* [AIM OF THE EXERCISE]: The response should be the records below, repeated exactly, with each picture left out.

* [DATA]:
BEGIN
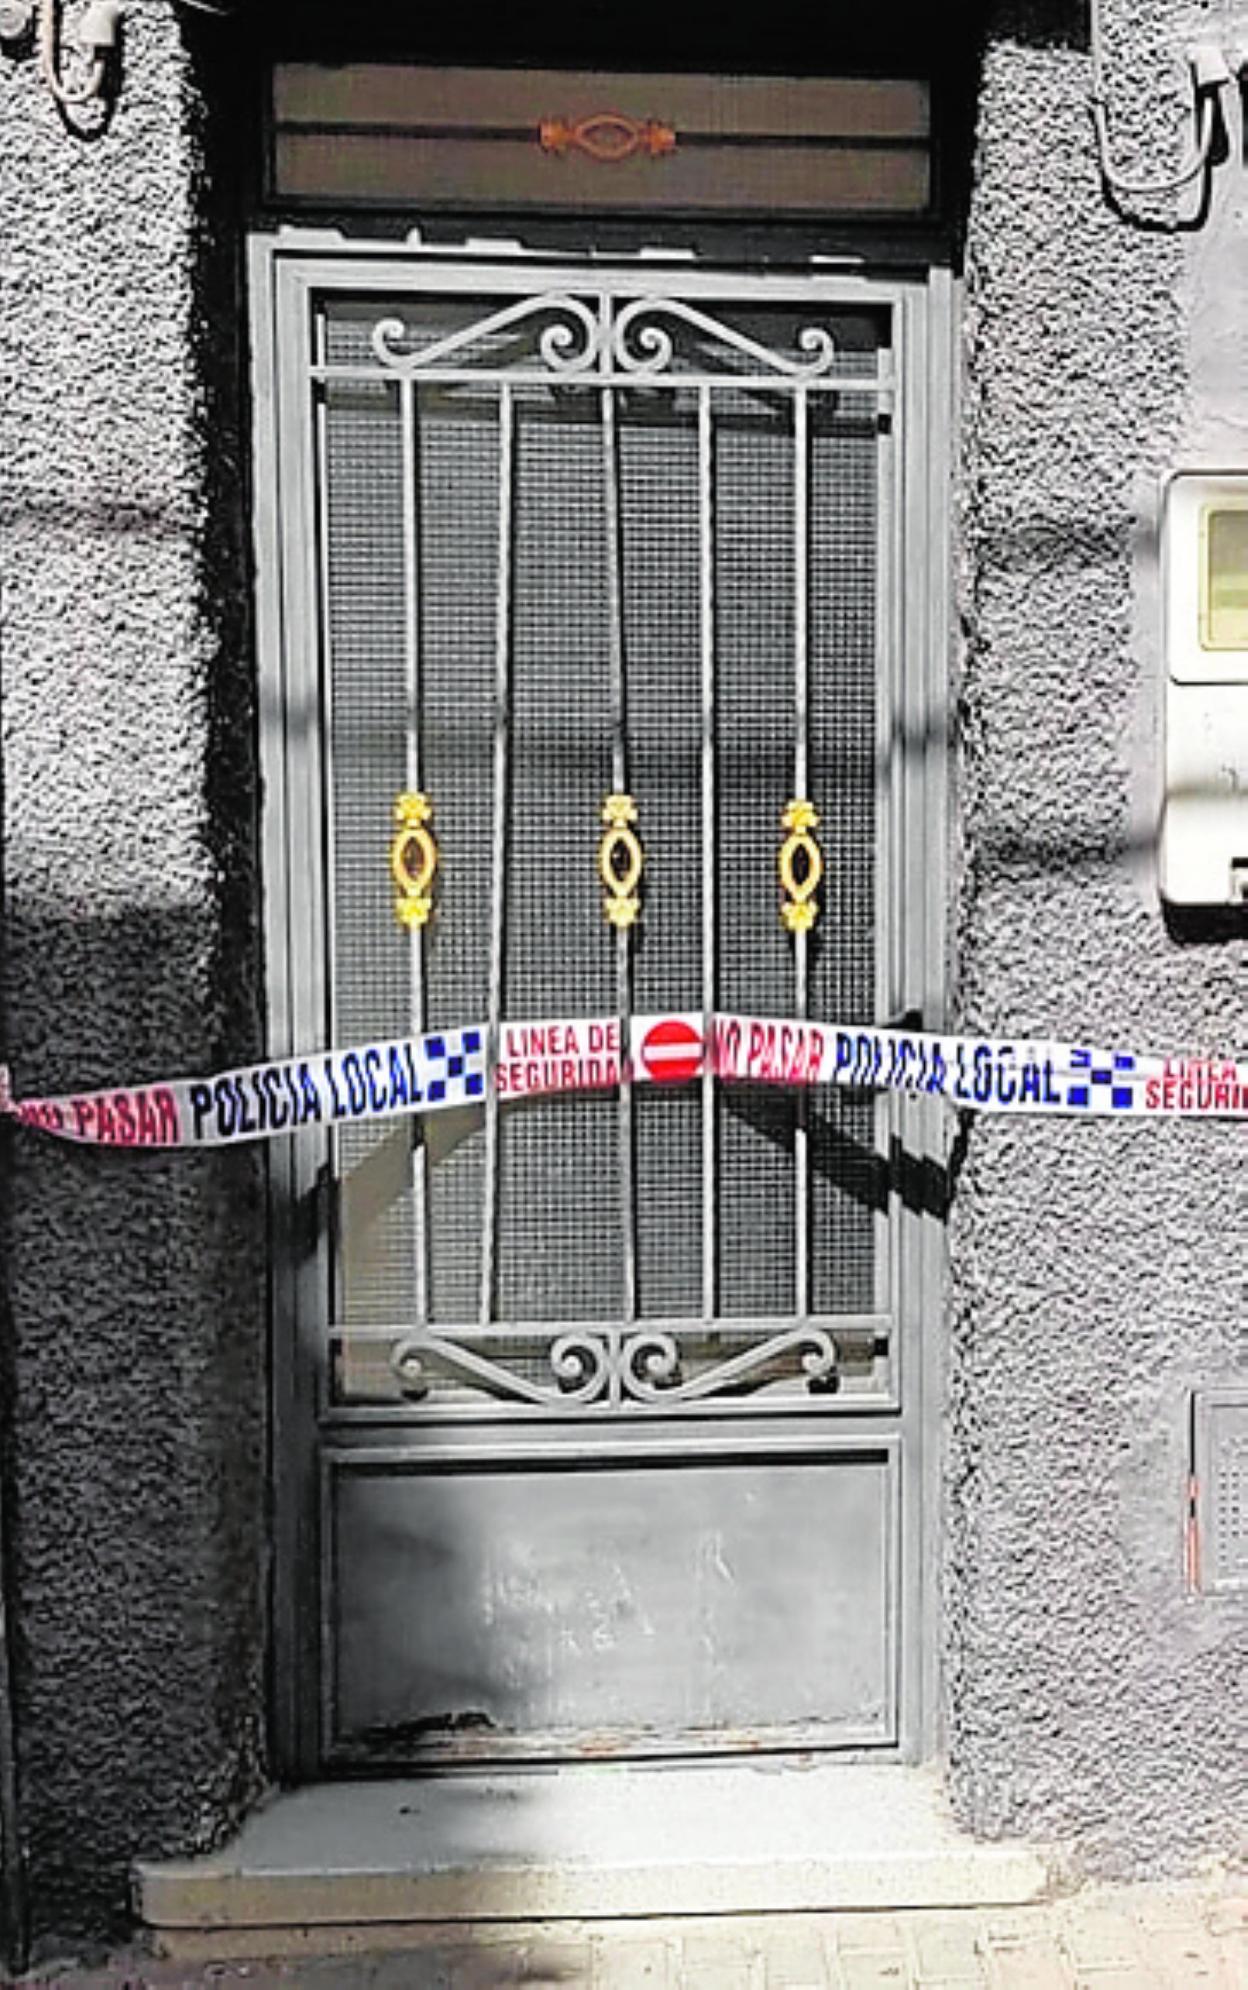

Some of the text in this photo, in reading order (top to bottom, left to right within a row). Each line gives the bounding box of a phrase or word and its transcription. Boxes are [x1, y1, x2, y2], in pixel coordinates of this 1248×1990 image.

[507, 1022, 620, 1057] LINEA DE
[748, 1021, 825, 1084] PASAR
[832, 1031, 1061, 1104] POLICIA LOCAL
[70, 1086, 181, 1143] PASAR
[190, 1042, 424, 1140] POLICIA LOCAL
END
* [TASK ANSWER]:
Some of the text in this photo, in reading order (top to bottom, left to right within a row). Each line gives the bounding box of a phrase or word and its transcription. Boxes are [x1, y1, x2, y2], in pixel coordinates of this 1248×1990 image.

[507, 1022, 620, 1057] LINEA DE
[748, 1021, 825, 1084] PASAR
[832, 1031, 1061, 1104] POLICIA LOCAL
[70, 1086, 181, 1143] PASAR
[190, 1042, 424, 1140] POLICIA LOCAL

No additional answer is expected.